Thursday 20 June 2019

About hate to being me like this

I improved my self. But I'm about to hate this condition, maybe I'm not the same as me like few years ago. Ah yeah, I'm a little mature now oh maybe not like that, how to say I'm changed to happier than I've ever been. So, why? Hey you just know why I write this text. Because I wanna share something happy for me but maybe that's curious or that's general? I don't care..

So in Tuesday, I had an unlike situation. O bad, no but good. Thus, I must come early than ever. Uh I just go one half hour early than before. But what? There's a moment make me come five minutes late. Between confused and sad, so I just let it flow and trying to be patient, not only that. Just to be like calm and not using fear face or afraid.

I think I'm over that time or just my feeling told me I just act like that? Oh My God, I think that gives me more vibe when today comes. Still don't know what to do but, I'm happy and enjoying my self. But little bit different, more happier, and laughing without no reason. That's sad or ...? Ahhh like flying, unusual happiness. Thank you someone for the sweet beginning.

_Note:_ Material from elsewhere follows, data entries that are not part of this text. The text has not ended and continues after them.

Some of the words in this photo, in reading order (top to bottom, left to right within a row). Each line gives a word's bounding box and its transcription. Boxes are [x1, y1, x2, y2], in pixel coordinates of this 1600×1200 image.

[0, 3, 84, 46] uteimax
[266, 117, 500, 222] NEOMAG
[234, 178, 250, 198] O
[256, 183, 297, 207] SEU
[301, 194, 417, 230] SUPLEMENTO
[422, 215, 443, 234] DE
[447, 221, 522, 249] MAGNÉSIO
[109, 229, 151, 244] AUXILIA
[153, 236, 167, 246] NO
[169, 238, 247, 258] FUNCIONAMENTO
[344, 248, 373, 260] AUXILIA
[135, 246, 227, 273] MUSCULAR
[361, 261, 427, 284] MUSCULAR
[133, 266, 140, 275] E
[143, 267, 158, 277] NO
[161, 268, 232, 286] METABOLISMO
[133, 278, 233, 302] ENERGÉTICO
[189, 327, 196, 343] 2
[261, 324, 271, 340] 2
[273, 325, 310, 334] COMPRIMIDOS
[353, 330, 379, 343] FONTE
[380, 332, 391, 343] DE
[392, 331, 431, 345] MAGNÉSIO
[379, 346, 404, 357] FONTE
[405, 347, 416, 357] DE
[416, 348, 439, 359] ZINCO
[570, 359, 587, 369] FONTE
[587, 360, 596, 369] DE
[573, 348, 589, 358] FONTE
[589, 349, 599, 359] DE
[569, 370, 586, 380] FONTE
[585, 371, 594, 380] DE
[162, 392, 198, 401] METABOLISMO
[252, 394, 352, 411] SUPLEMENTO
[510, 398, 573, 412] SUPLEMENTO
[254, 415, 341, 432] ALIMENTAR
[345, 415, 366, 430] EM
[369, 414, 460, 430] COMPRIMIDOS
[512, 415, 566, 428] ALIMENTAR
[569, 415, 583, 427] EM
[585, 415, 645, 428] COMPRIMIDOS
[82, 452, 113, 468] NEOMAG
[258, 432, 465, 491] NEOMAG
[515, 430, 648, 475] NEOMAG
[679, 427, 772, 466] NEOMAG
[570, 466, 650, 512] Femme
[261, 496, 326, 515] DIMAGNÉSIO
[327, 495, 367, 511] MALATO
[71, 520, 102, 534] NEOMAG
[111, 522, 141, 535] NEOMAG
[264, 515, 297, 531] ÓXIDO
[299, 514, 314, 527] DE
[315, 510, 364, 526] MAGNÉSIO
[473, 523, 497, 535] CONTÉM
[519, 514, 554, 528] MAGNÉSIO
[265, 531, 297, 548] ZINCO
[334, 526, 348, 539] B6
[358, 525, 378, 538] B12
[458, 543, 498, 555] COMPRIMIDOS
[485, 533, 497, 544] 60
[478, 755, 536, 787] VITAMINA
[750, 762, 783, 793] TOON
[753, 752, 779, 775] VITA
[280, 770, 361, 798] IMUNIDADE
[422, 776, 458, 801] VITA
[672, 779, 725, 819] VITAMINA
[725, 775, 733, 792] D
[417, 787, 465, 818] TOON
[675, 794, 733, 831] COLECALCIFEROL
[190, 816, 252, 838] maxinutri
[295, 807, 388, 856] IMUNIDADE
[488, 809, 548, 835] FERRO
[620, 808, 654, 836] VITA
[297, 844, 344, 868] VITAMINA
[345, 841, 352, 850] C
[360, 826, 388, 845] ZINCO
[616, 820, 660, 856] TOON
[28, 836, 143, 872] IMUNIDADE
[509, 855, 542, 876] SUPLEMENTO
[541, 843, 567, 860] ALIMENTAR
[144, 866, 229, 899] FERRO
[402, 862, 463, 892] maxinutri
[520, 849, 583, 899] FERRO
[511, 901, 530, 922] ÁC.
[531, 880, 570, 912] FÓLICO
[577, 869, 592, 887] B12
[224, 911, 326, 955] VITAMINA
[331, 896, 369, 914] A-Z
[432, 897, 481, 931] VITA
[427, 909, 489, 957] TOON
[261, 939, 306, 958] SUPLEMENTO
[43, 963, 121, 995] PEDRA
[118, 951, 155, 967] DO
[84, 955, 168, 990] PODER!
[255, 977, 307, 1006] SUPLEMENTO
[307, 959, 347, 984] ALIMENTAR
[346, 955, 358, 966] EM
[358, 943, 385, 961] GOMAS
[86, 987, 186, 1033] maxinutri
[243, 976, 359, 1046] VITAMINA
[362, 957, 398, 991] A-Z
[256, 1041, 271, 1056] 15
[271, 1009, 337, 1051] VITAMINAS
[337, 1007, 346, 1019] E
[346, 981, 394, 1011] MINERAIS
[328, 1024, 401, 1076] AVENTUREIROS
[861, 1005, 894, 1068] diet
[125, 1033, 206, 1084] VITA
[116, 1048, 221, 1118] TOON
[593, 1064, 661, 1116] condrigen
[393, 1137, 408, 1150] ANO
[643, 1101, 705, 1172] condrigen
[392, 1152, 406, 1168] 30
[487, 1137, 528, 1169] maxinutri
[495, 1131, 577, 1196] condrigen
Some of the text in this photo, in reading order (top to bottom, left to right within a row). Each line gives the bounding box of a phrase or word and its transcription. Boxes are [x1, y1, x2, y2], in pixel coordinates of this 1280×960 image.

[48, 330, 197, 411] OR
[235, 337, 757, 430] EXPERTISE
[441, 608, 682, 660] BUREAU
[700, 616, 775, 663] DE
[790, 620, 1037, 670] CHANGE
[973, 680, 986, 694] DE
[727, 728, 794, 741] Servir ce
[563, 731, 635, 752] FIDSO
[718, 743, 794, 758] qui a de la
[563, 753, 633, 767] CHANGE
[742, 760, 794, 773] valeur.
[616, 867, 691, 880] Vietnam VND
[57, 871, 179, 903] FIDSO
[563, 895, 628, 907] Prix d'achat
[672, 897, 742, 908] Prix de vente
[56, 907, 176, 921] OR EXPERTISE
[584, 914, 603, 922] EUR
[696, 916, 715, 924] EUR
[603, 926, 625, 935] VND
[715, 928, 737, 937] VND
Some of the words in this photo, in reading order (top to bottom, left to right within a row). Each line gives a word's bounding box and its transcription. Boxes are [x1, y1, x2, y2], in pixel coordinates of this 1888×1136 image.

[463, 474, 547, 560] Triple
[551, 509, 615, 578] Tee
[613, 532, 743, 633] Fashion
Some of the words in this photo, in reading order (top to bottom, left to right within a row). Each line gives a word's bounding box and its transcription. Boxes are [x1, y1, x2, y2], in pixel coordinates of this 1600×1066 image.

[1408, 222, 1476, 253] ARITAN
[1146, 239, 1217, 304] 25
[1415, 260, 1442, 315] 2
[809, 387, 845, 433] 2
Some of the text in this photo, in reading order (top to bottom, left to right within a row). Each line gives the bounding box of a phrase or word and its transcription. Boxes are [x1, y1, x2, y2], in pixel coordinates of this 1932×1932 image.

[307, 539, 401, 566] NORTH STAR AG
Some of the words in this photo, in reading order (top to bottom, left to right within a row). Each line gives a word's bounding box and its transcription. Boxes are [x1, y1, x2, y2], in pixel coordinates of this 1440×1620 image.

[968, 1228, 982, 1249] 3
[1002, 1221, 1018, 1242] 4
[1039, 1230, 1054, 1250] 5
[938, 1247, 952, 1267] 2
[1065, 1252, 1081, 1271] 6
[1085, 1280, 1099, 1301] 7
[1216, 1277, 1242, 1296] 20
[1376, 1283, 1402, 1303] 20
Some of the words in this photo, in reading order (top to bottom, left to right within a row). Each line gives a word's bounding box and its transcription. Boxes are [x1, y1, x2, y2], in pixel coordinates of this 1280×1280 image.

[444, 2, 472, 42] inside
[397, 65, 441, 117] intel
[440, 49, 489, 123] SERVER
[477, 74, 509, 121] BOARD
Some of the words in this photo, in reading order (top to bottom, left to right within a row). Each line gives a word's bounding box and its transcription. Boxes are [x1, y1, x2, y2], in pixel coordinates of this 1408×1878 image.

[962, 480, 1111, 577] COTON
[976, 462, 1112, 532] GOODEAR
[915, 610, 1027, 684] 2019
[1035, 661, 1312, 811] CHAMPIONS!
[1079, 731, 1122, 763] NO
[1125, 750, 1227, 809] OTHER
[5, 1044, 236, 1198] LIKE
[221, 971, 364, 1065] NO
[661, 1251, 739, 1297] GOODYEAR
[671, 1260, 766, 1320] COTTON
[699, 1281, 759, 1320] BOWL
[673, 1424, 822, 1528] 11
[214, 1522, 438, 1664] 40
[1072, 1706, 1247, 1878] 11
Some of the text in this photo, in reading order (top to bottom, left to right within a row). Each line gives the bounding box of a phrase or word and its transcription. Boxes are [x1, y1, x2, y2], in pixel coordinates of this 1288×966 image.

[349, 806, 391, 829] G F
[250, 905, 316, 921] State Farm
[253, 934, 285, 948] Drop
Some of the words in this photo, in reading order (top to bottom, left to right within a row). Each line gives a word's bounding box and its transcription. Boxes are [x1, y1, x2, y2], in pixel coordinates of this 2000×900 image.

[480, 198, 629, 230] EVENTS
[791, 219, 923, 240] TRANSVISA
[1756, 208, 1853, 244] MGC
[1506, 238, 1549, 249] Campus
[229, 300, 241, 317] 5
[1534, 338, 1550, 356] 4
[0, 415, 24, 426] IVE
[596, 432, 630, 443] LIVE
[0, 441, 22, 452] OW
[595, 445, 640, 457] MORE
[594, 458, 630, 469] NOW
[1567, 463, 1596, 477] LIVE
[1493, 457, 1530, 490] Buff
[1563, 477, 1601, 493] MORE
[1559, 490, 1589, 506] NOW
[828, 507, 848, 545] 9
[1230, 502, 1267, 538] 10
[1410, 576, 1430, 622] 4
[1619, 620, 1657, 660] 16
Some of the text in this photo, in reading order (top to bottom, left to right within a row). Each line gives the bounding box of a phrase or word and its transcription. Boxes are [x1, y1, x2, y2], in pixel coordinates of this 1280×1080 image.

New season, that I hate about is to be over act like don't know nothing. I hate being like a fool. I love to be myself. Even I got a new style but it still makes me searching for new light, maybe someday I will tell you how really change my self be better, better, and better. So from now I just wanna hope more and not teach over me to me. What I said? I write this text in a night, June 20 2019. That's it.